Je clignai des yeux : « ... ? »

Puis, il éclata de rire.

Mon numéro de charme avait échoué. Je laissai tomber l'air séducteur que j'avais essayé d'adopter et, vexé, je lui donnai un petit coup.

Il bloqua mon attaque et plaisanta : « Hors caméra, tu as la langue bien pendue, hein ? »

Furieux, je répliquai : « Et toi alors ? Tu n'es pas mieux hors caméra ! »

Il sembla perplexe : « Moi ? Qu'est-ce que j'ai fait ? »

Tu plaisantes ?! Le moindre de tes gestes ou paroles hors caméra suffit à enflammer tout le fandom, à rendre les fans hystériques comme si c'était le Nouvel An !

Je fus submergé par mille pensées et restai silencieux pendant un long moment, mais l'envie de savourer un peu plus de « sucre » l'emporta. Alors, je lui tapotai l'épaule en souriant : « Rien du tout, jeune homme, reste comme tu es, c'est parfait. »

322.
Il semblait ne pas comprendre un mot de mes divagations. Il haussa les épaules ; il s'apprêtait à parler quand mon téléphone posé sur la table sonna. C'était un appel de Lao Huang,le voisin.

Pas moyen de ne pas répondre.

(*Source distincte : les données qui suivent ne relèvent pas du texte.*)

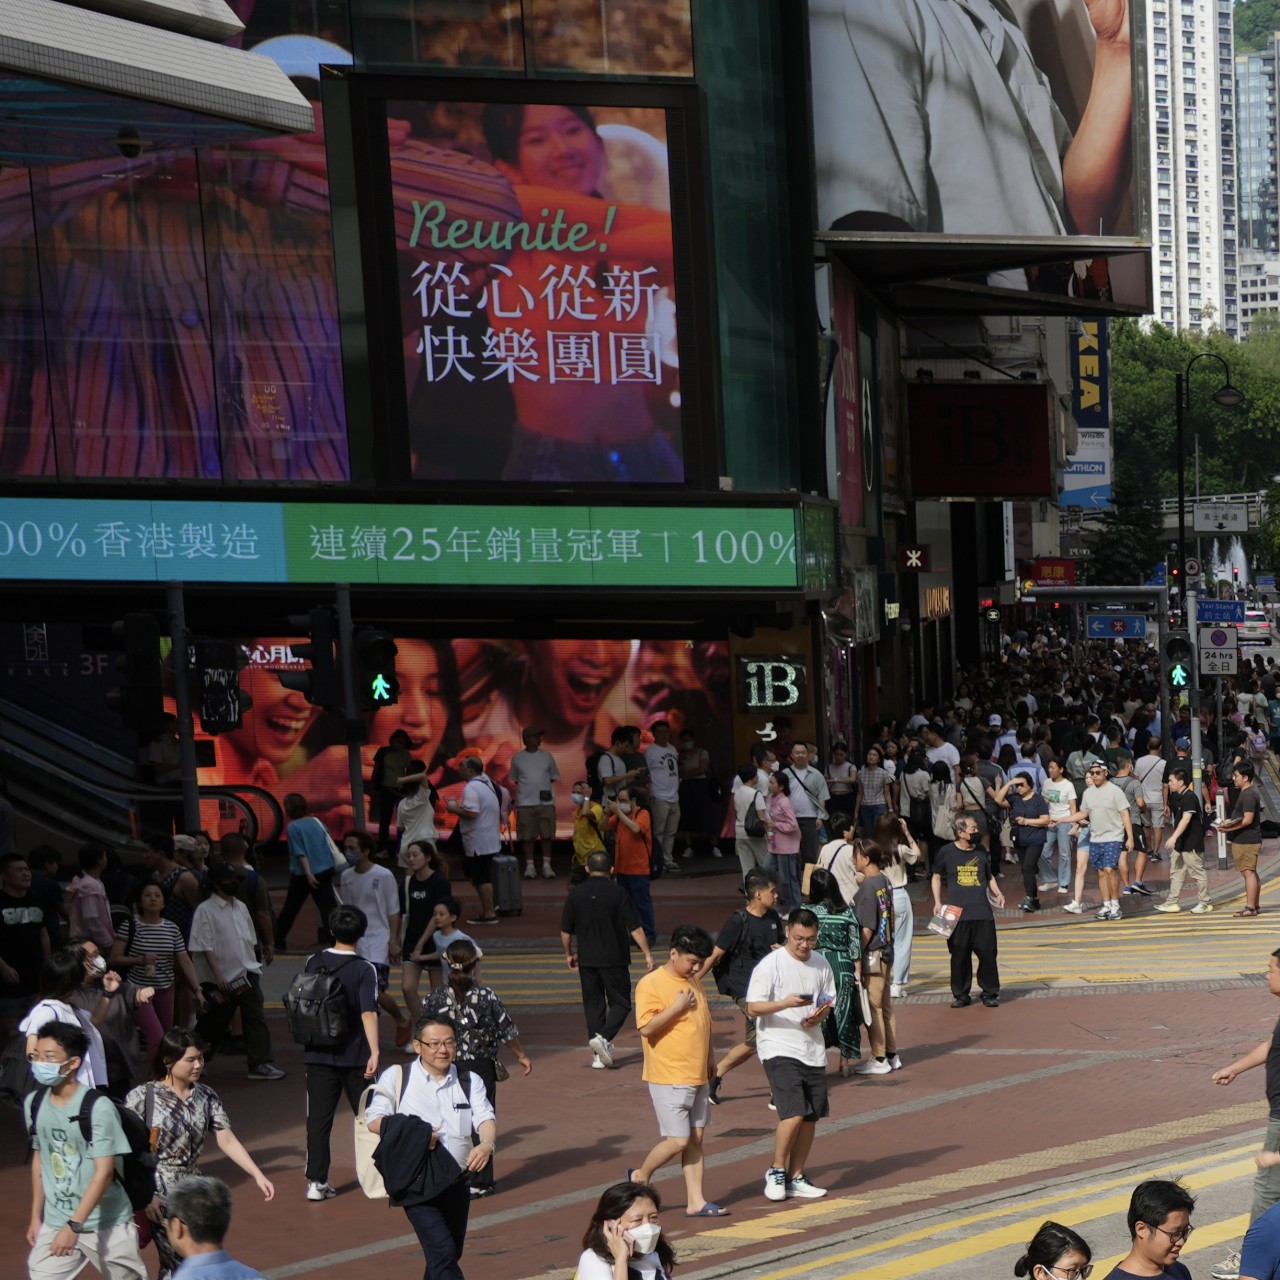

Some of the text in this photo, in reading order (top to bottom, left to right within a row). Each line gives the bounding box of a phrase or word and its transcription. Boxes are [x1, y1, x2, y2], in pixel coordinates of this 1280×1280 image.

[408, 200, 619, 254] Reunite!
[411, 263, 662, 323] 從心從新
[416, 330, 664, 387] 快樂團圓
[1078, 321, 1101, 411] KEA
[1065, 463, 1103, 473] CATHLON
[93, 520, 262, 560] 香港製造
[309, 524, 797, 566] 連續25年銷量冠軍 100%
[1204, 611, 1231, 620] 的士站
[80, 653, 109, 675] 3F
[1204, 651, 1233, 660] 24 hrs
[1207, 661, 1230, 672] 全日
[745, 661, 799, 707] iB

Je pris le téléphone et lui fis un geste pour m'excuser. Quand il hocha la tête, je m'éloignai de quelques pas avant de décrocher : « Patron Huang ! »

323.
« Oui, oui, l'argent me suffit largement, je gagne bien ma vie. »
« Non, pas fatigué du tout. C'est juste un tournage, rien de difficile. Tu devrais plutôt prendre soin de toi, et arrêtez de fumer, d'accord ? »
« Non, pas besoin, je n'ai même pas fini ce tournage. »
« Oui, oui, je passerai te voir dès que j'aurai un moment. Sinon, viens me voir sur le plateau ? »
« Oui, promis. Si jamais je manque d'argent, je te le dirai. »

324.
« Tu t'es fait de nouveaux amis ? »

Je regardai spontanément en direction de Gu Yiliang. La lumière tamisée de l'échoppe rendait son visage difficile à lire.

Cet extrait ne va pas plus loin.